Start of Excerpted records

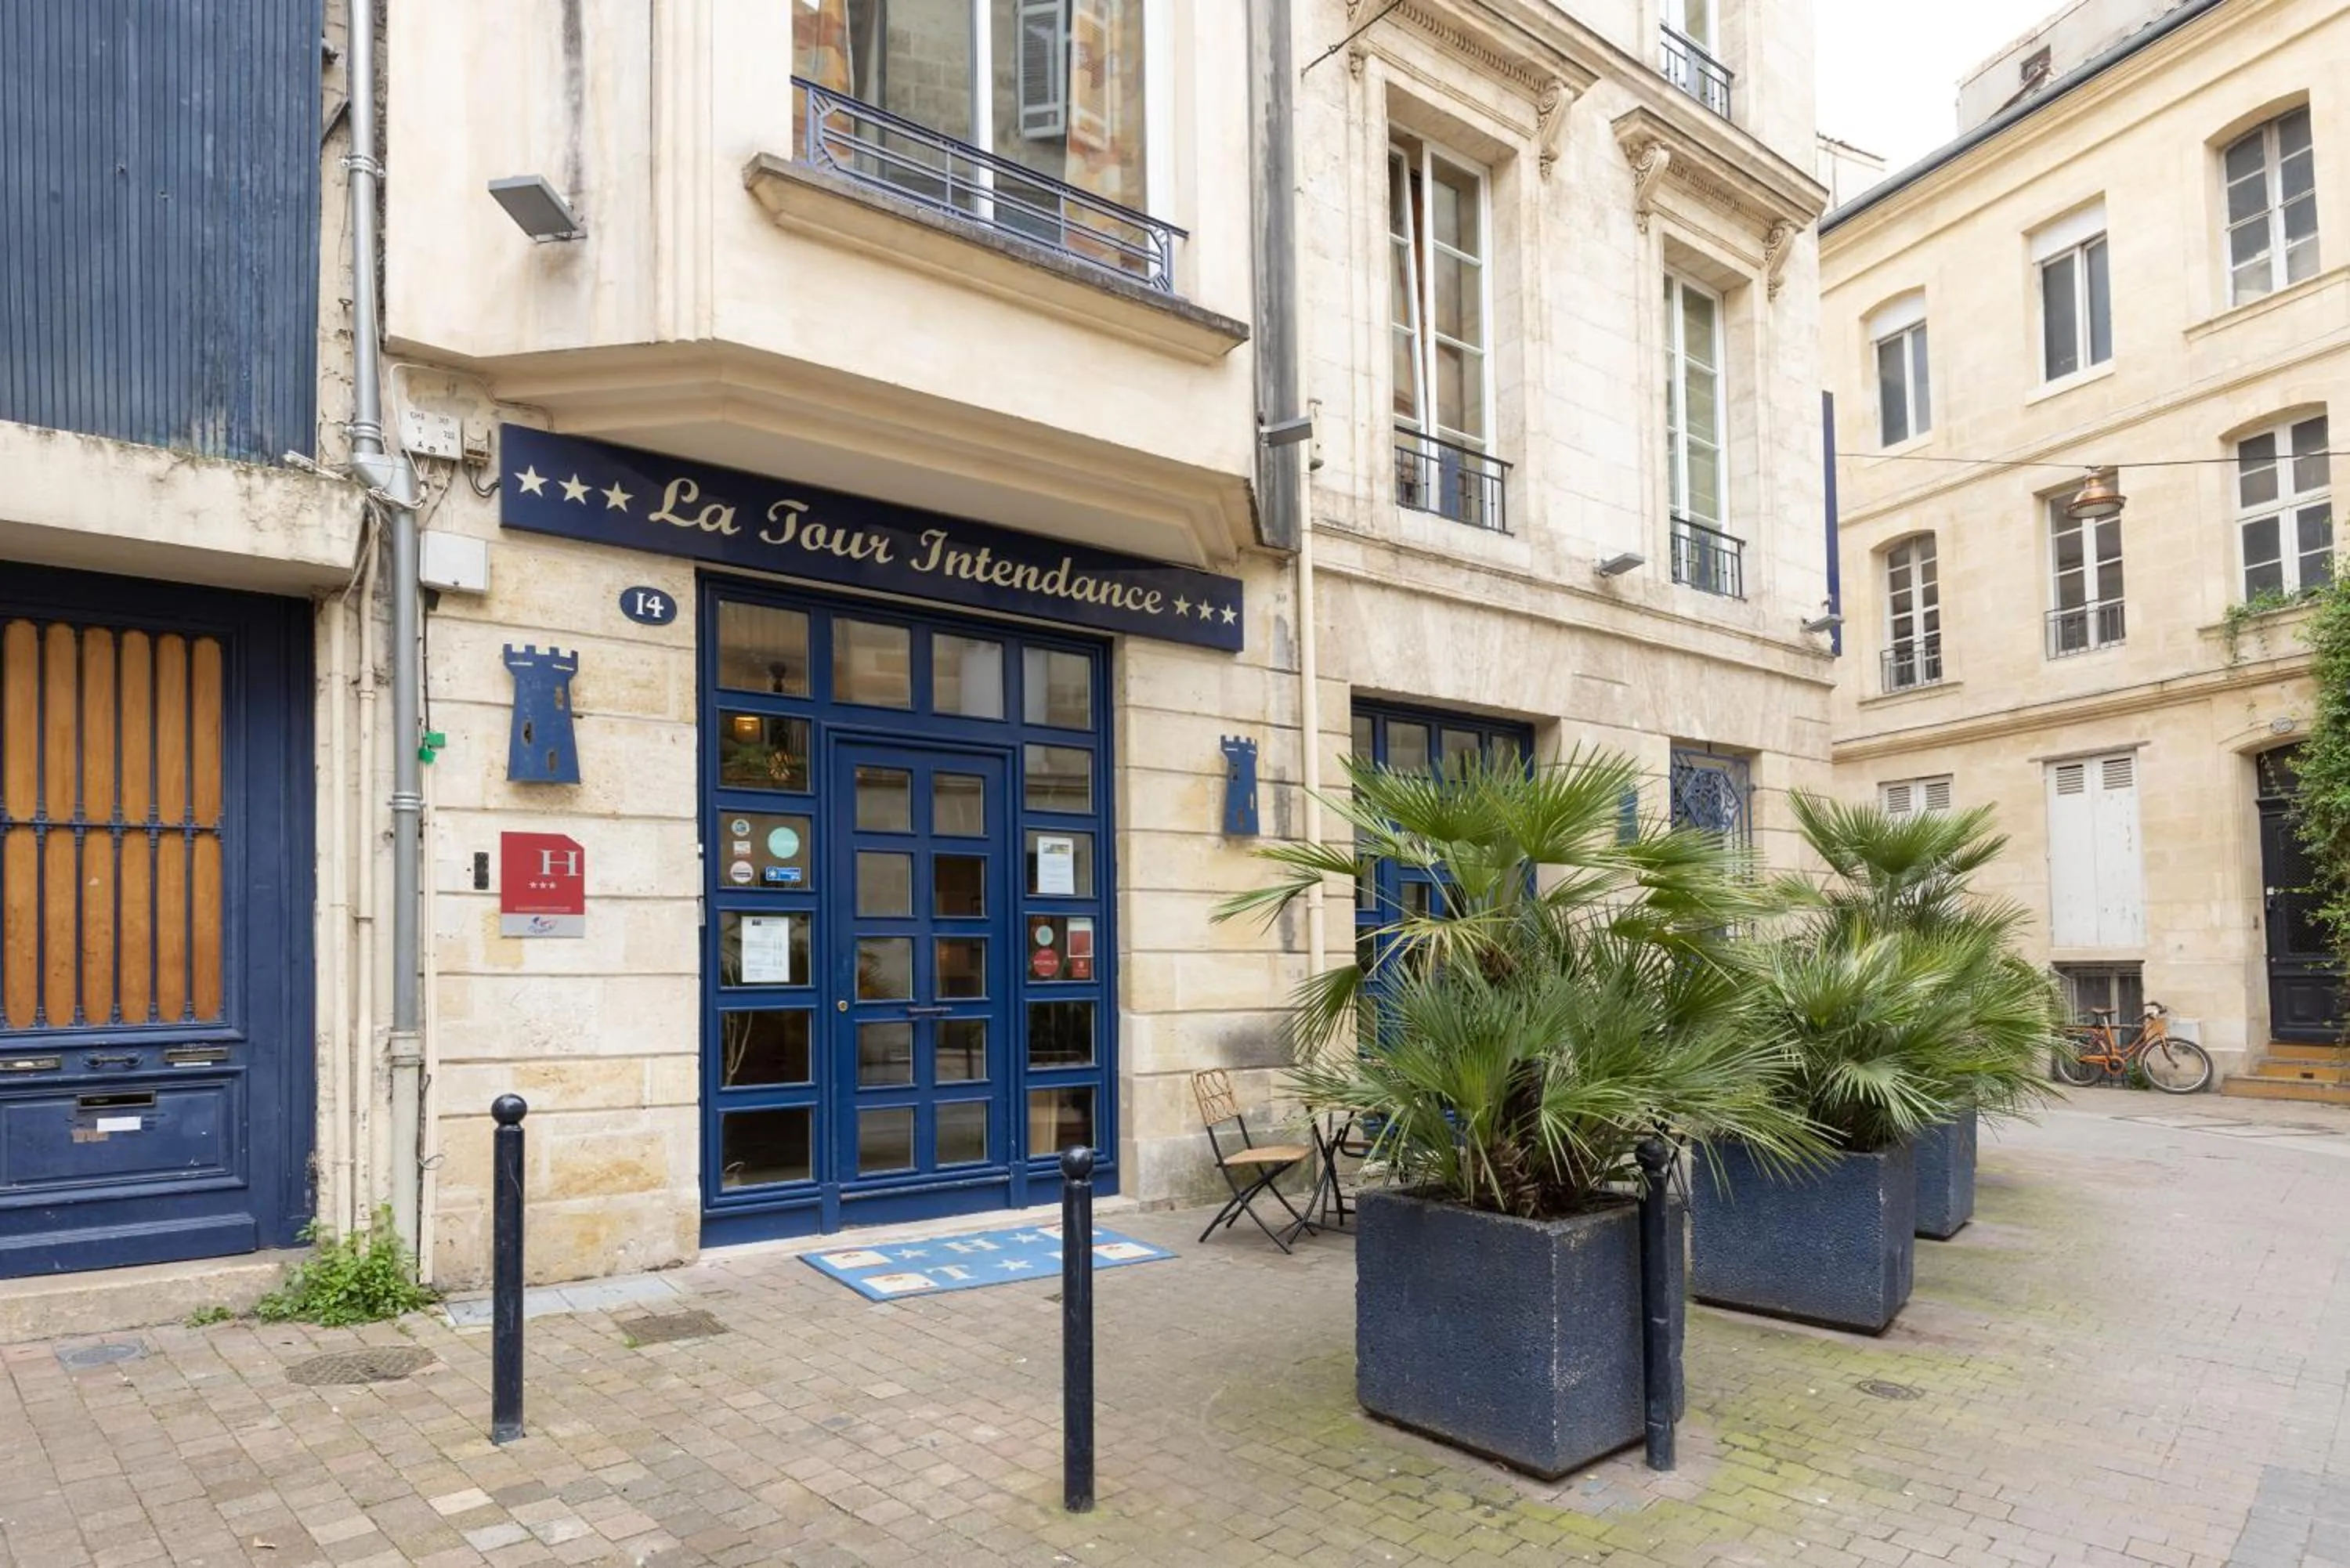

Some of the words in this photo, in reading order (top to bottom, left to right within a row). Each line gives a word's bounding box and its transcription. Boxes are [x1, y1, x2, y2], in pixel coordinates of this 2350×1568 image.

[648, 477, 742, 536] La
[759, 499, 894, 564] Tour
[909, 529, 1165, 615] Intendance
[635, 591, 665, 618] 14
[537, 850, 581, 876] H
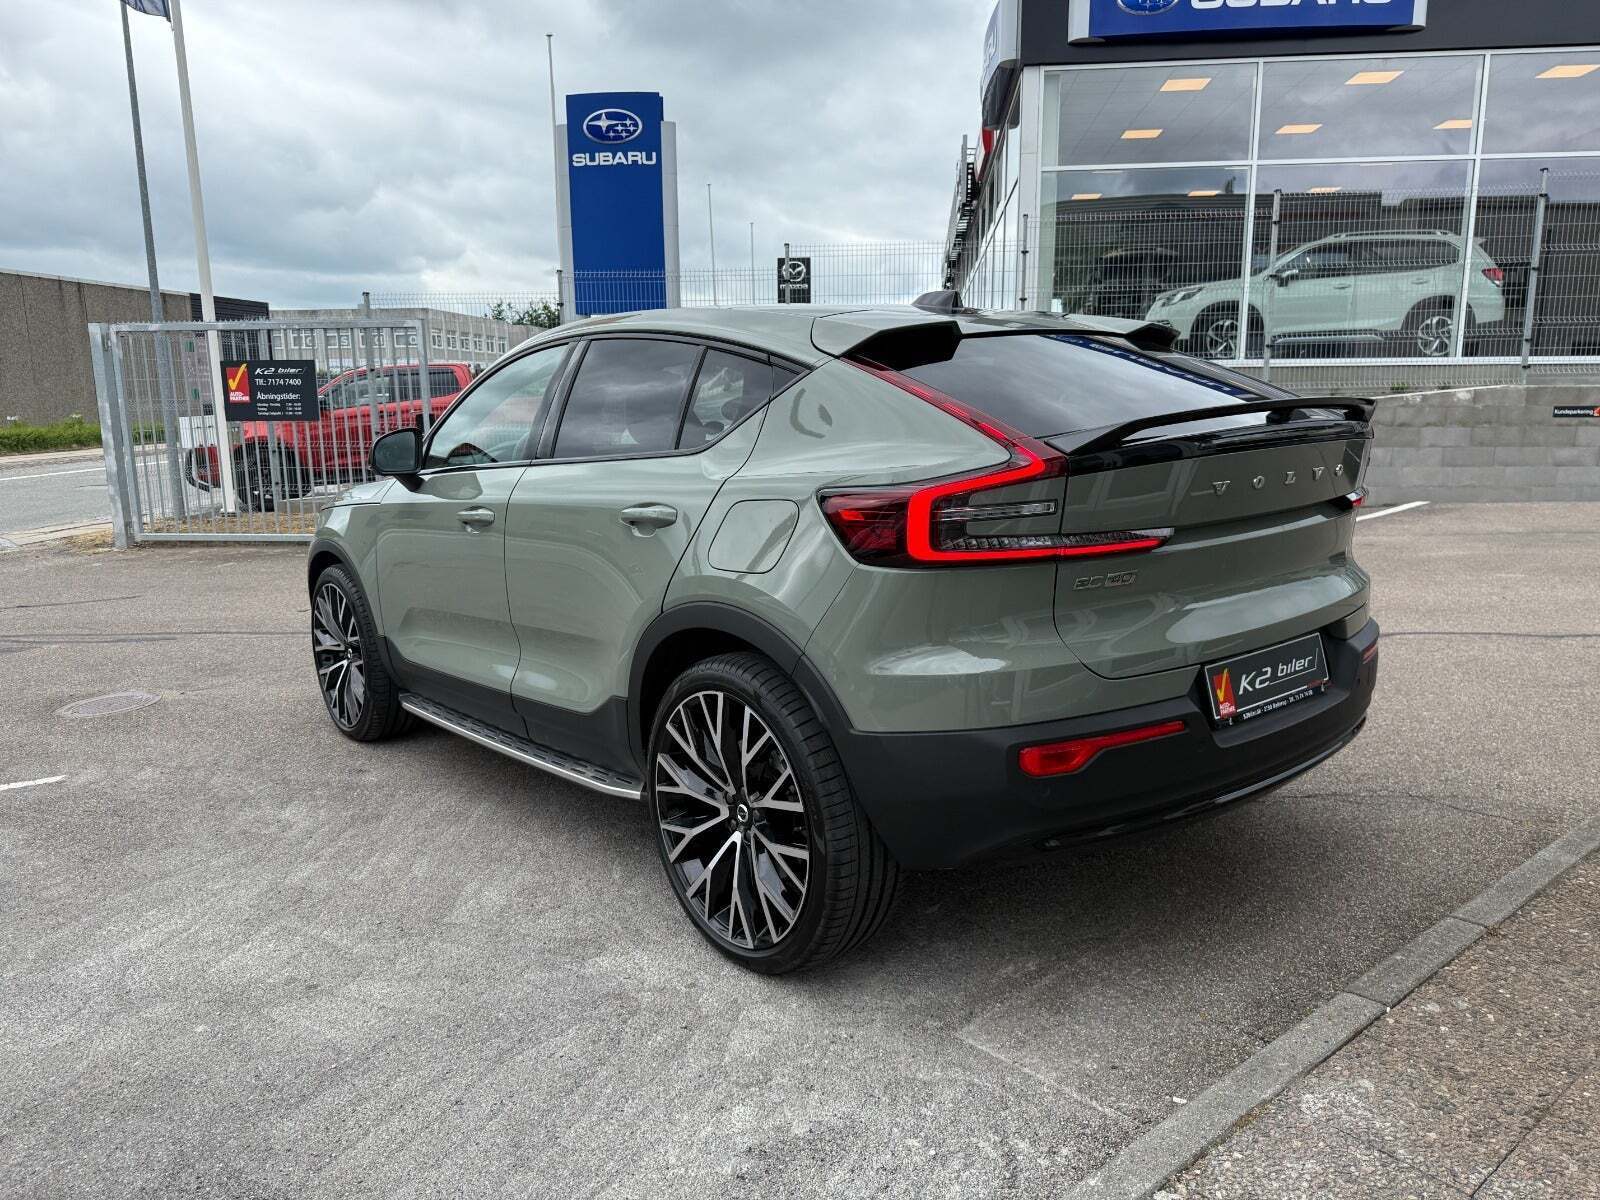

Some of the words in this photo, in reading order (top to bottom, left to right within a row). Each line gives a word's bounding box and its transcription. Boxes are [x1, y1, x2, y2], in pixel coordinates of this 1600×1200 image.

[572, 151, 656, 167] SUBARU
[254, 367, 276, 375] K2
[267, 378, 284, 386] 7174
[285, 378, 302, 386] 7400
[256, 391, 301, 401] Åbningstider:
[1212, 463, 1344, 496] VOLVO
[1238, 666, 1272, 695] K2
[1277, 656, 1313, 677] biler
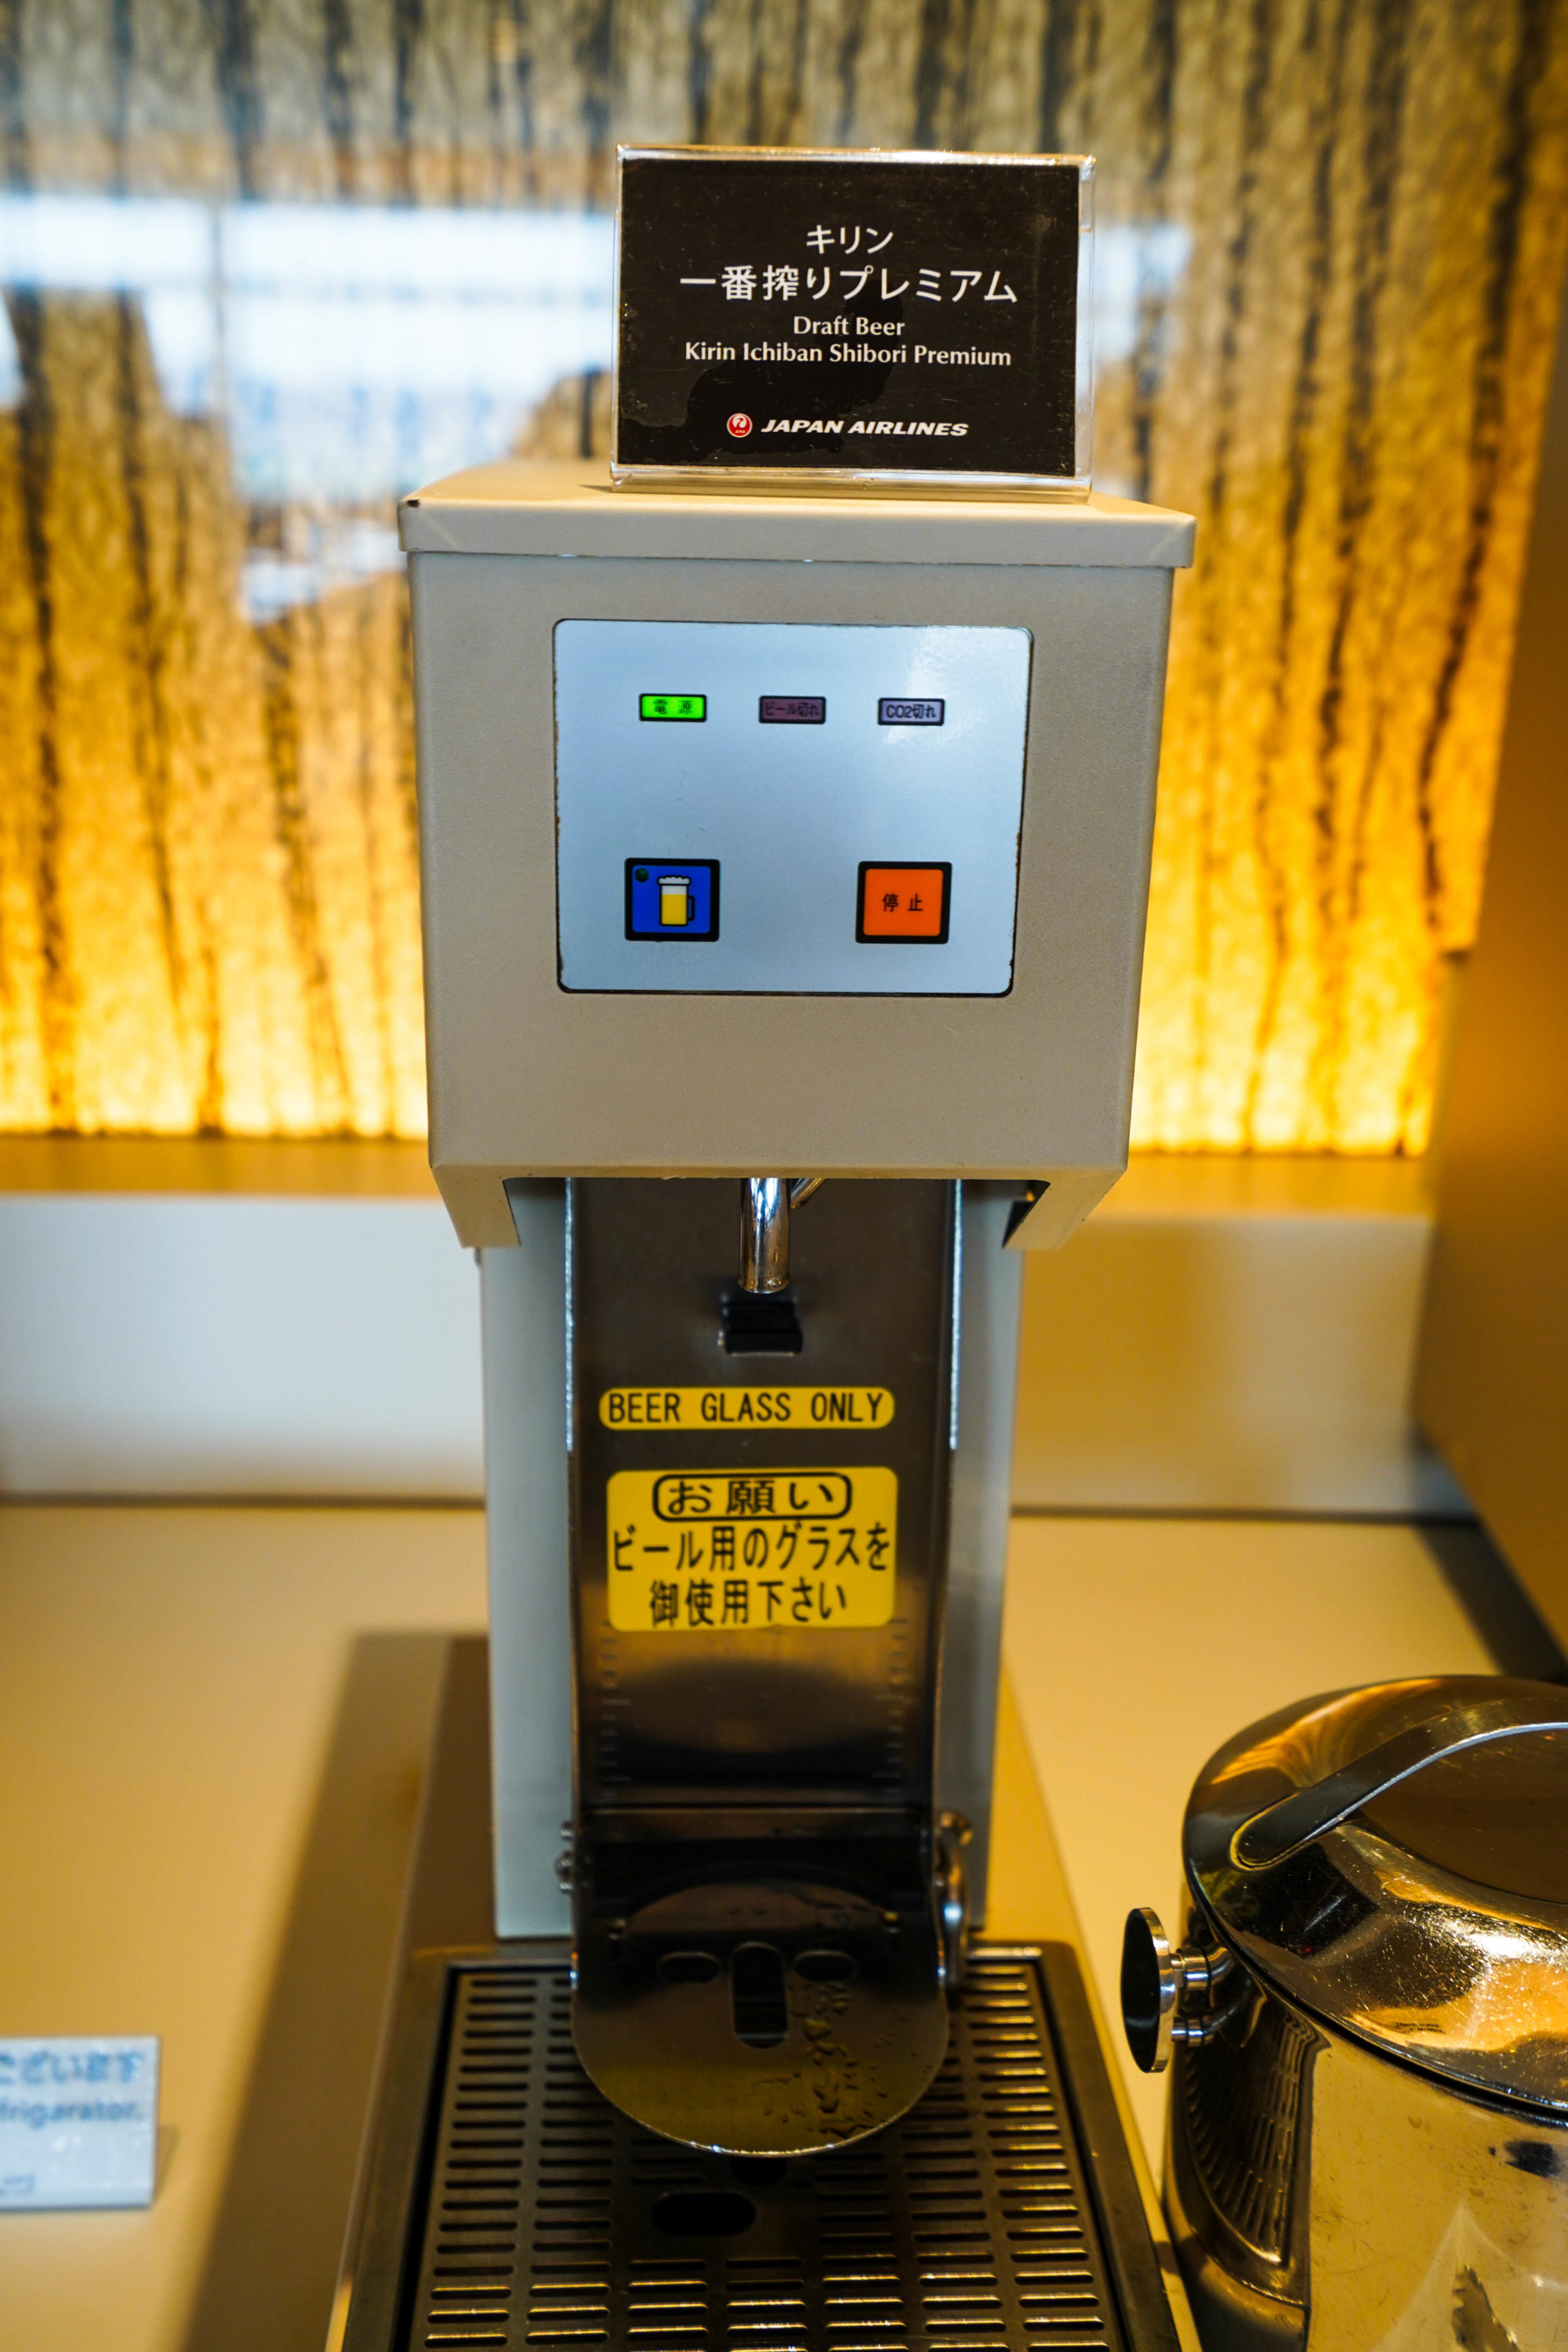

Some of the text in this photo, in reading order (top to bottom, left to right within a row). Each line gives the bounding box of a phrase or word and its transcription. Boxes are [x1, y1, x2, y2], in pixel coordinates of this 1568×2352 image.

End of Excerpted records

• Prompt
What you return must match each record exactly and contain no images.

• Reply
Some of the words in this photo, in reading order (top to bottom, left to right within a row). Each line gives a word's bounding box and its transcription. Boxes are [x1, y1, x2, y2], in pixel coordinates of this 2350×1568 image.

[648, 477, 742, 536] La
[759, 499, 894, 564] Tour
[909, 529, 1165, 615] Intendance
[635, 591, 665, 618] 14
[537, 850, 581, 876] H

Some of the words in this photo, in reading order (top to bottom, left to right within a row). Each line gives a word's bounding box and its transcription. Boxes are [x1, y1, x2, y2], in pixel coordinates of this 1600×1200 image.

[572, 151, 656, 167] SUBARU
[254, 367, 276, 375] K2
[267, 378, 284, 386] 7174
[285, 378, 302, 386] 7400
[256, 391, 301, 401] Åbningstider:
[1212, 463, 1344, 496] VOLVO
[1238, 666, 1272, 695] K2
[1277, 656, 1313, 677] biler

Some of the text in this photo, in reading order (top to bottom, left to right within a row). Each line gives the bounding box of a phrase or word and its transcription. Boxes are [x1, y1, x2, y2], in pixel coordinates of this 1568×2352 image.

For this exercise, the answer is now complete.